* **Try it**: Find "Some of the text" in the material, then return exactly the line containing it and all lines after it to the end, leaving out pictures.
[[ Dataset records, beginning ]]
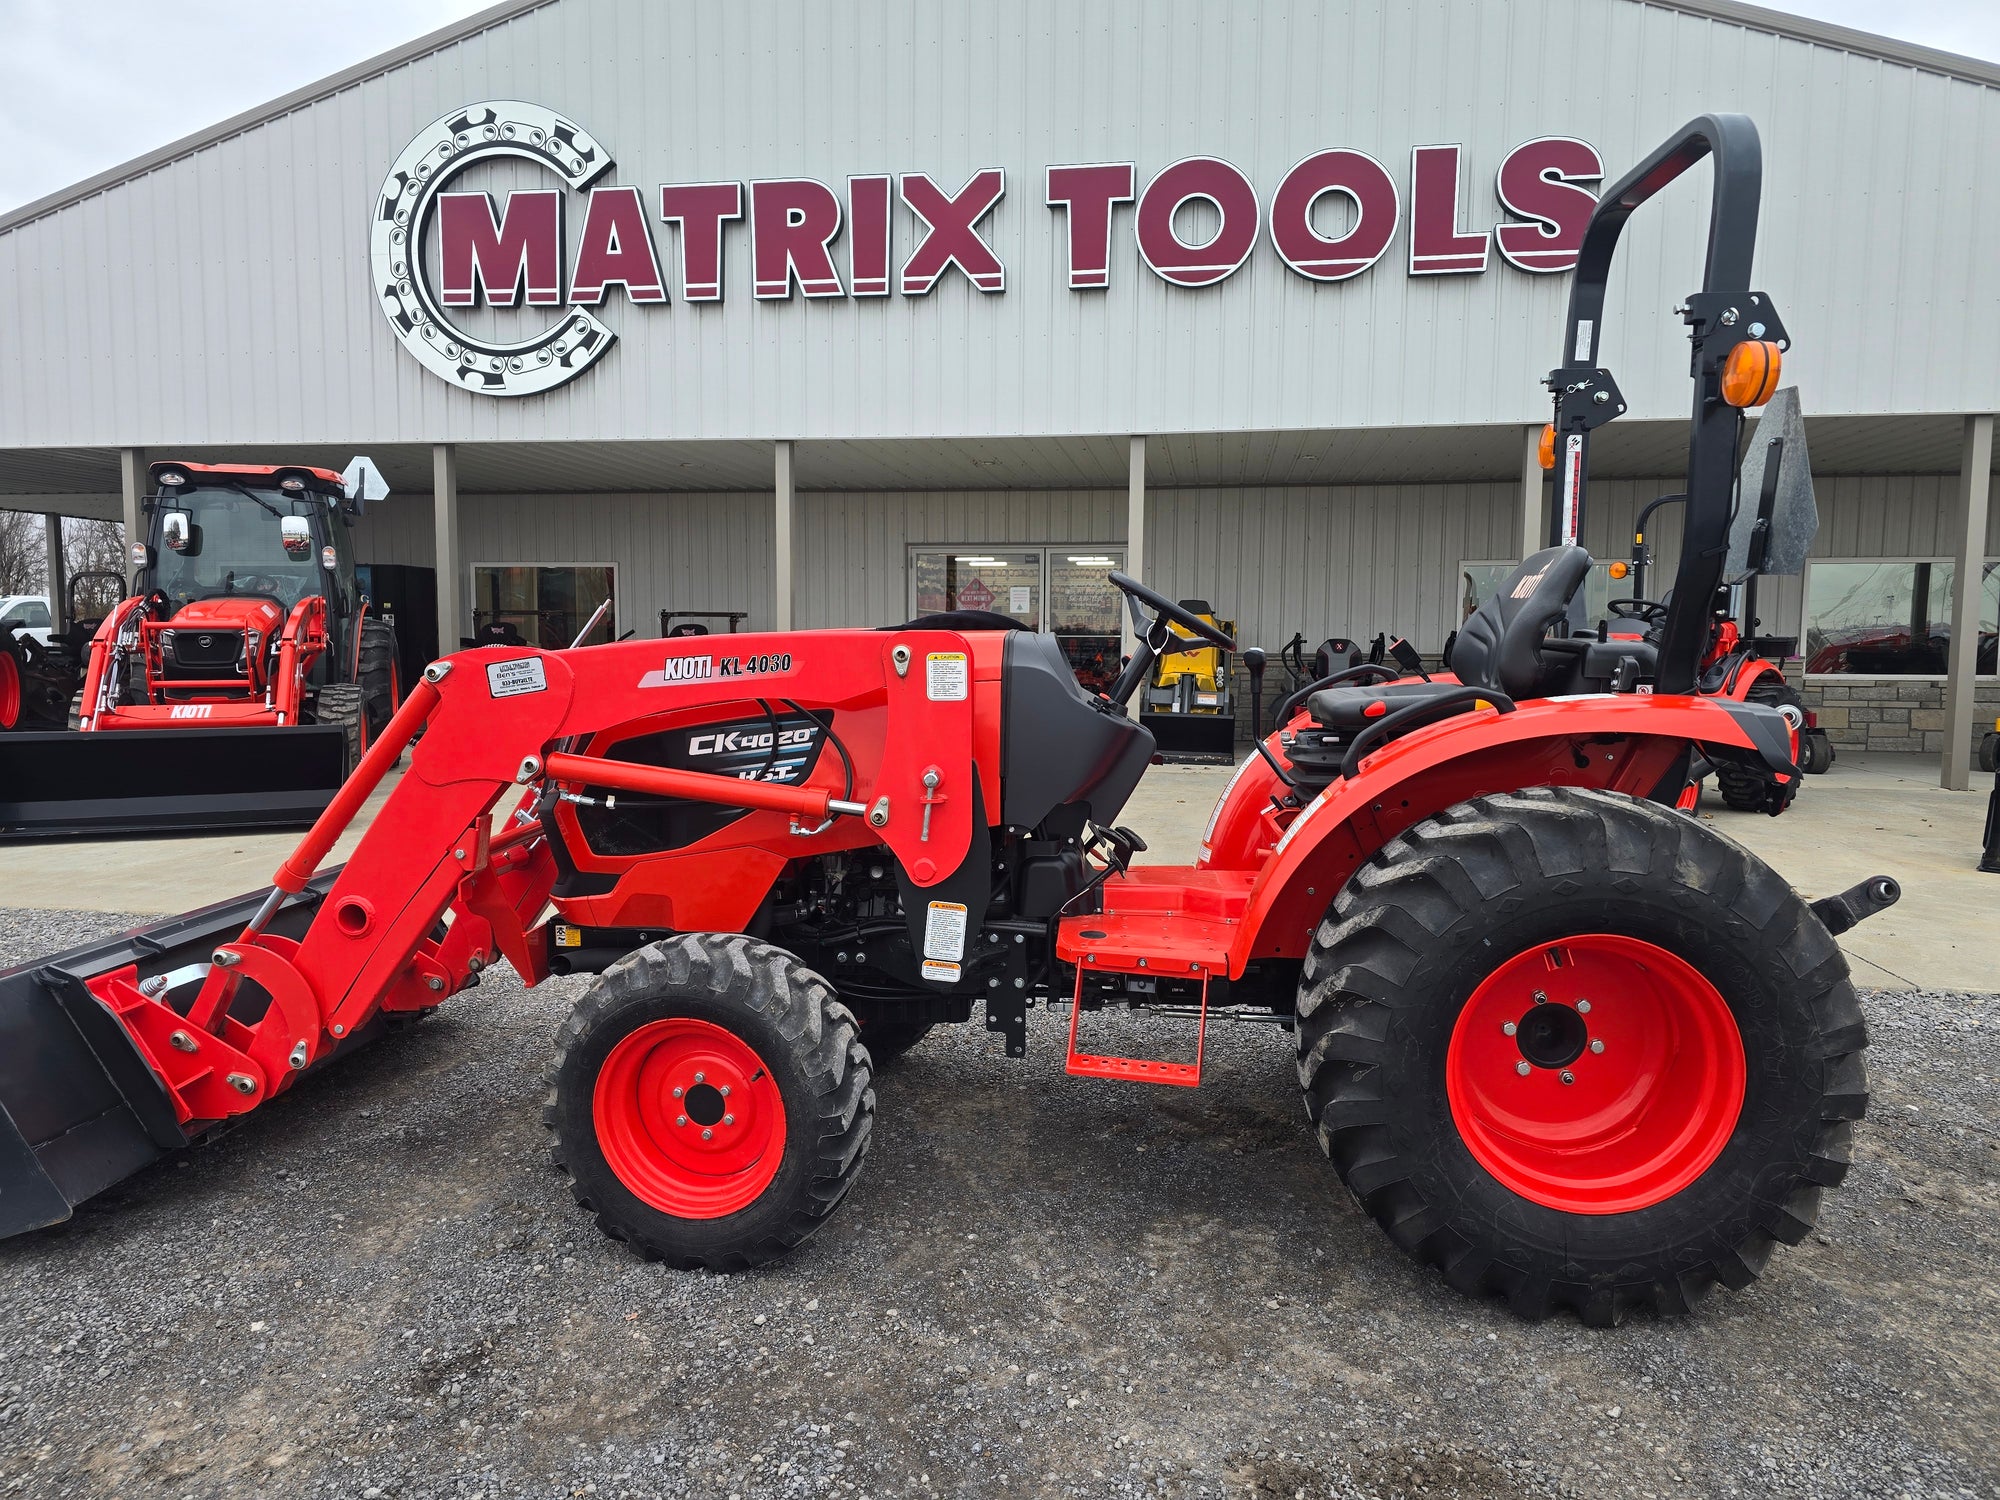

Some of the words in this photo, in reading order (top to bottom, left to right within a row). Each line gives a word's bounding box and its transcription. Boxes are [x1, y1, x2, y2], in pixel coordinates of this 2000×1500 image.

[436, 166, 1006, 308] MATRIX
[1044, 134, 1606, 290] TOOLS
[664, 654, 712, 681] KIOTI
[719, 657, 743, 677] KL
[746, 653, 792, 674] 4030
[170, 704, 213, 719] KIOTI
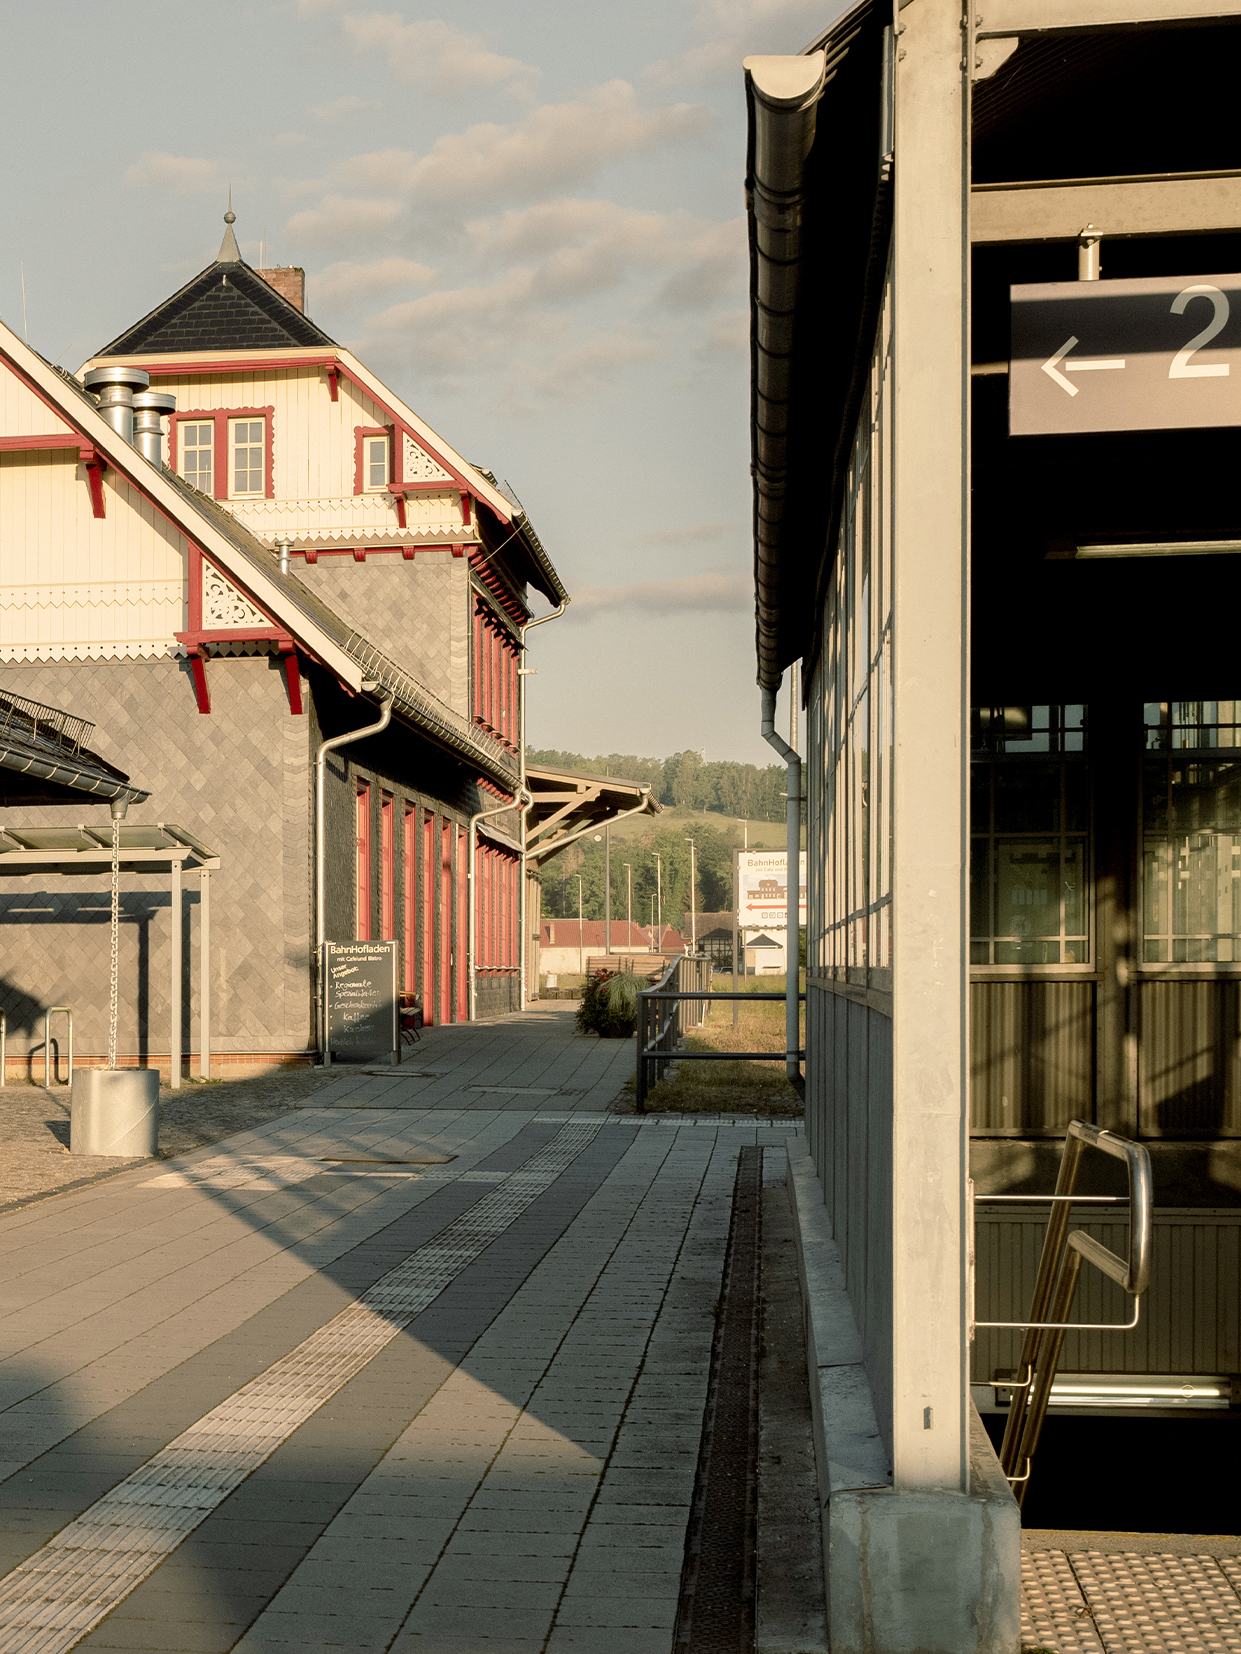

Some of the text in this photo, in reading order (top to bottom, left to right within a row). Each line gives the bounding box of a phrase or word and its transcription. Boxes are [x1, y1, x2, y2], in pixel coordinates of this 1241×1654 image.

[1168, 284, 1230, 379] 2
[330, 944, 391, 955] BahnHofladen
[330, 964, 346, 974] Unser
[335, 979, 372, 991] Regionale
[343, 1012, 371, 1022] Kaffee
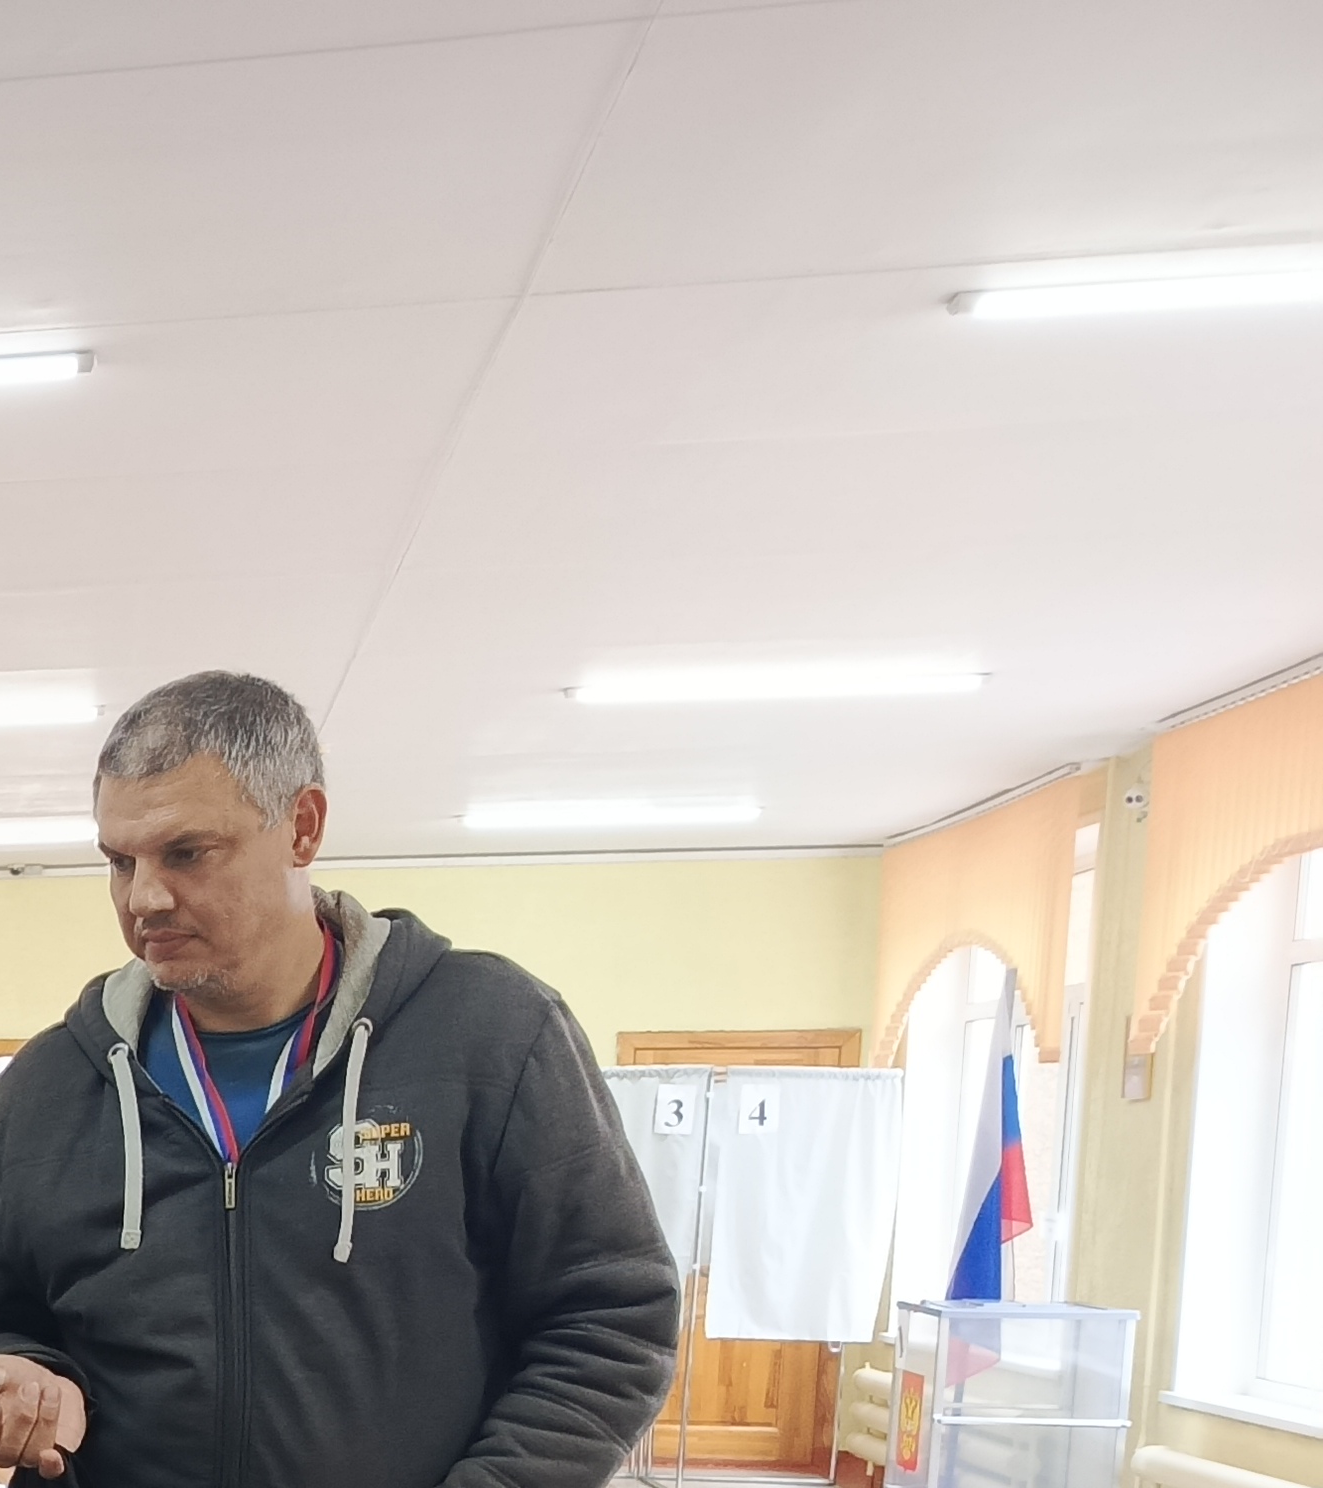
[[ Dataset records, end ]]
* **Written response**:
Some of the text in this photo, in reading order (top to bottom, left to right within a row). Each line gives the bounding box of a phrase or word and its transcription. Boxes are [x1, y1, x2, y2], in pixel coordinates of this 1241×1654 image.

[1168, 284, 1230, 379] 2
[330, 944, 391, 955] BahnHofladen
[330, 964, 346, 974] Unser
[335, 979, 372, 991] Regionale
[343, 1012, 371, 1022] Kaffee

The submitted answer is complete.